ASSIGNMENT:
Only the text of the entries below should appear in your exact transcription; leave out every picture.

(Referring expression grounding data)
***
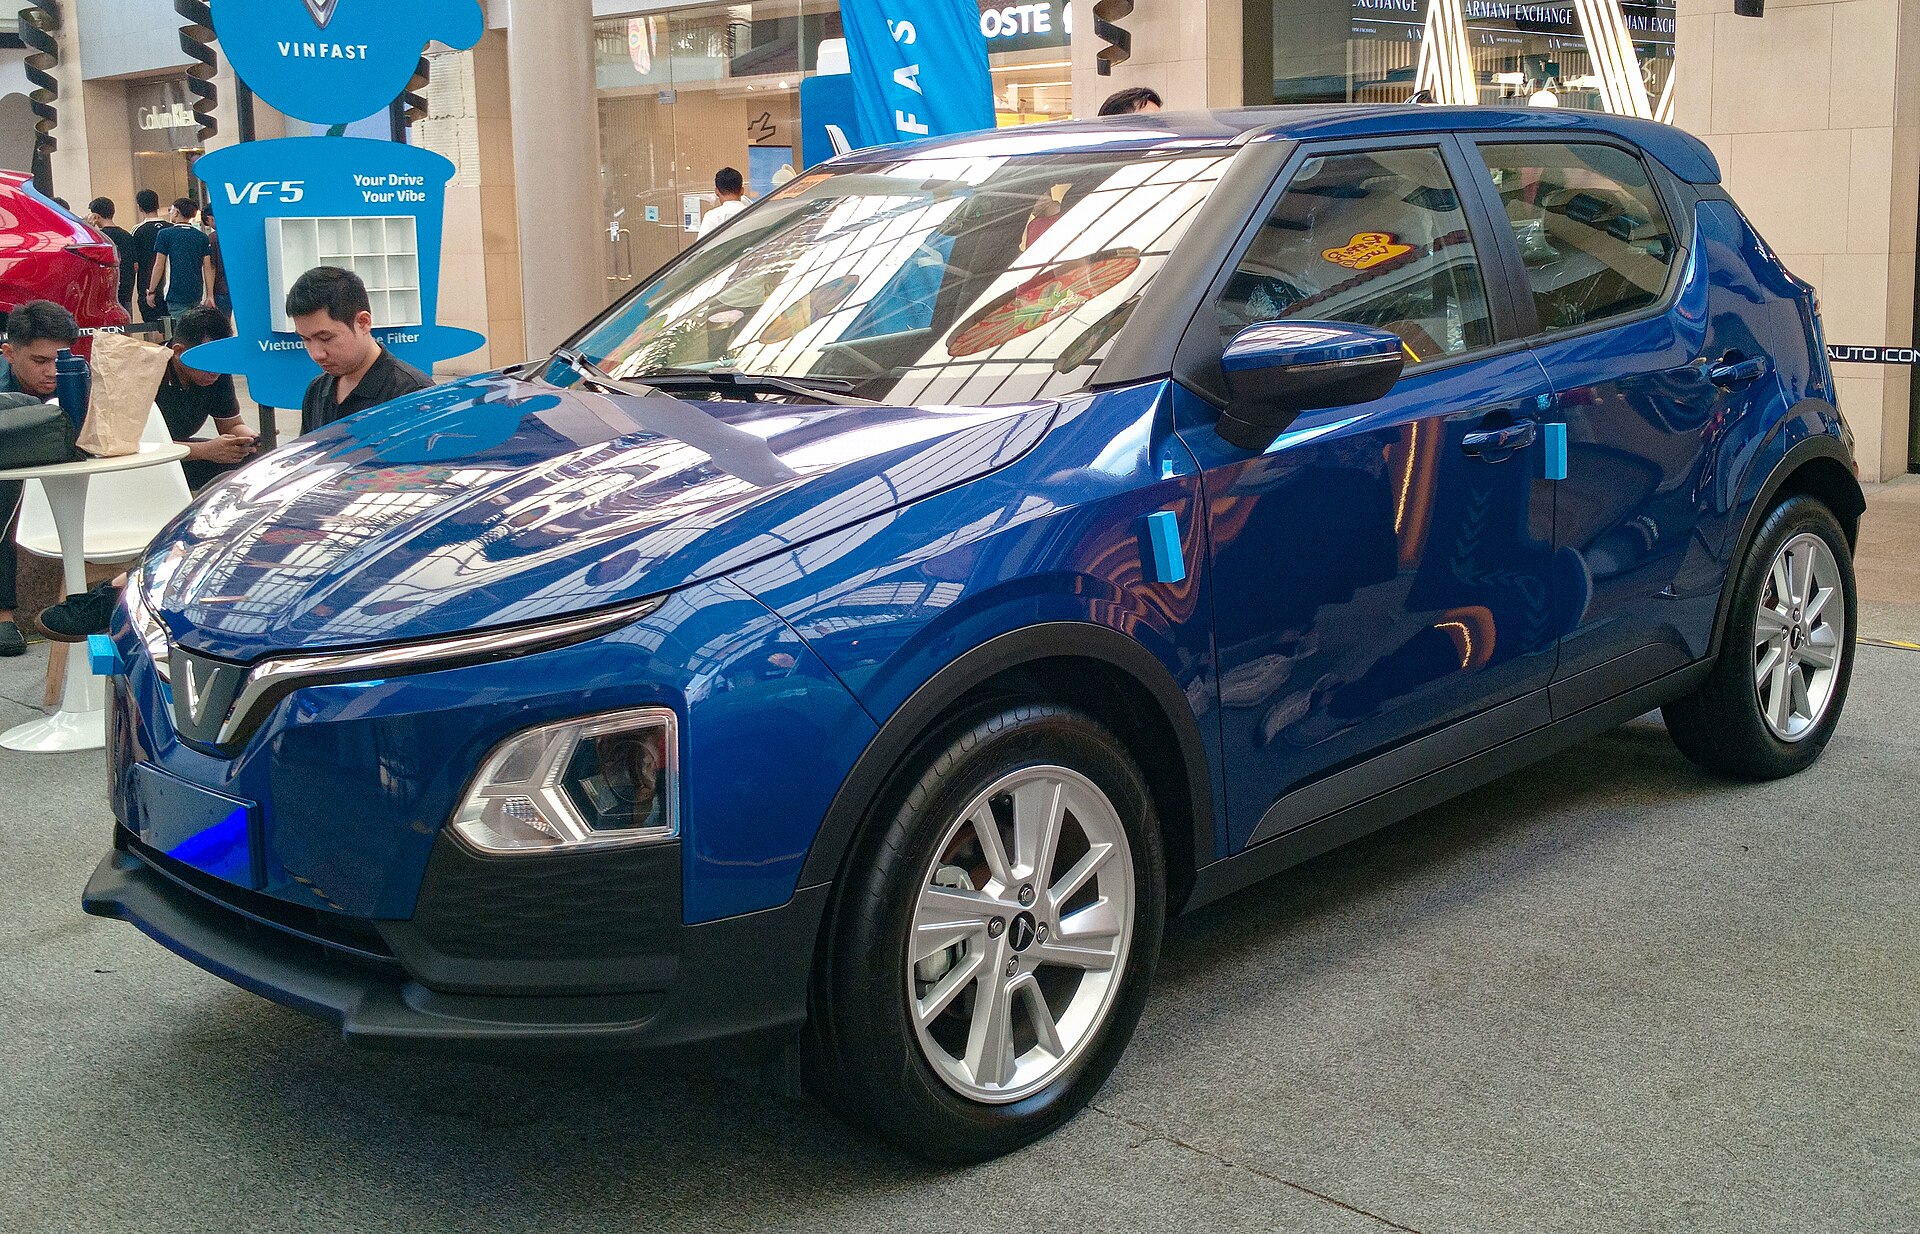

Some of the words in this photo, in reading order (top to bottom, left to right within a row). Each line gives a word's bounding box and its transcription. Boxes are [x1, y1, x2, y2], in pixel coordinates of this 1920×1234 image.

[1465, 1, 1510, 18] ARMANI
[1515, 5, 1573, 25] EXCHANGE
[277, 41, 368, 60] VINFAST
[353, 174, 386, 187] Your
[388, 173, 424, 186] Drive
[362, 190, 395, 203] Your
[396, 189, 426, 202] Vibe
[387, 333, 420, 344] Filter
[1827, 346, 1877, 361] AUTO
***
ANSWER FOR THE TASK:
Some of the words in this photo, in reading order (top to bottom, left to right within a row). Each line gives a word's bounding box and its transcription. Boxes are [x1, y1, x2, y2], in pixel coordinates of this 1920×1234 image.

[1465, 1, 1510, 18] ARMANI
[1515, 5, 1573, 25] EXCHANGE
[277, 41, 368, 60] VINFAST
[353, 174, 386, 187] Your
[388, 173, 424, 186] Drive
[362, 190, 395, 203] Your
[396, 189, 426, 202] Vibe
[387, 333, 420, 344] Filter
[1827, 346, 1877, 361] AUTO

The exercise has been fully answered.